Since the late 90s, students in Newfoundland and Labrador have consistently won tuition fee reductions, tuition fee freezes, improved student financial assistance, and increased funding for our post-secondary institutions. These victories are a direct result of our unity and our collective action.
This year, students ran a comprehensive provincial election campaign, we lobbied the new government and university administration, and continued to take action ahead of the provincial budget. Along with labour and community groups, we’ve been at the forefront of the fight against regressive cuts that will negatively impact the economy and the people of this province.
Over the past several months, Memorial University’s administration has made it clear that they are interested in hiking tuition fees for all students. From the university president’s comments in academic council meetings, to the provost’s well-publicised blog post, it was clear that the administration was interested in downloading the cost of cuts to public funding onto the backs of students. Students fought back against these proposals, and we won.

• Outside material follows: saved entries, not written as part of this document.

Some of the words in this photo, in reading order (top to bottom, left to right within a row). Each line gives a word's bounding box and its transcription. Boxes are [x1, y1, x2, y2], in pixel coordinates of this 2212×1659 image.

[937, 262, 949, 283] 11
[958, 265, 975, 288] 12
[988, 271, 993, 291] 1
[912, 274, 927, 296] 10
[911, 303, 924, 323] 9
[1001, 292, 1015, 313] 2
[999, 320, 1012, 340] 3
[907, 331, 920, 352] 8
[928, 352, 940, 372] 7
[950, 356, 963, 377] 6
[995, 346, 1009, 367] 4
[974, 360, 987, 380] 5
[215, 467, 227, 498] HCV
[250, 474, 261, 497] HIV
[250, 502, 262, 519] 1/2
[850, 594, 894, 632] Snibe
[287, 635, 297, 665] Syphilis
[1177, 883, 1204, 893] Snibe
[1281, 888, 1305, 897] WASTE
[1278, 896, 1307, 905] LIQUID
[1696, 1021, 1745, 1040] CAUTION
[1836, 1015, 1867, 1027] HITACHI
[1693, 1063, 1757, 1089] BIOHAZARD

At Thursday’s Board of Regents’ meeting the Board chose not to move forward with any new fee hikes. This a win for students, and for the people of Newfoundland and Labrador. As MUN Faculty Association Vice President, JohnChurch, said at our rally yesterday, investments in education pay off in the long run through increased economic activity and reduced expenditures on health care and the justice system. A tuition fee freeze benefits us all.
Everybody who has taken action since the provincial austerity budget in April budget, students, community and labour groups and concerned citizens alike, can all share in this major victory for Newfoundland and Labrador. Collective action works. If we keep up the pressure, we can reverse unfair cuts and build the fairer more prosperous Newfoundland and Labrador that we all deserve.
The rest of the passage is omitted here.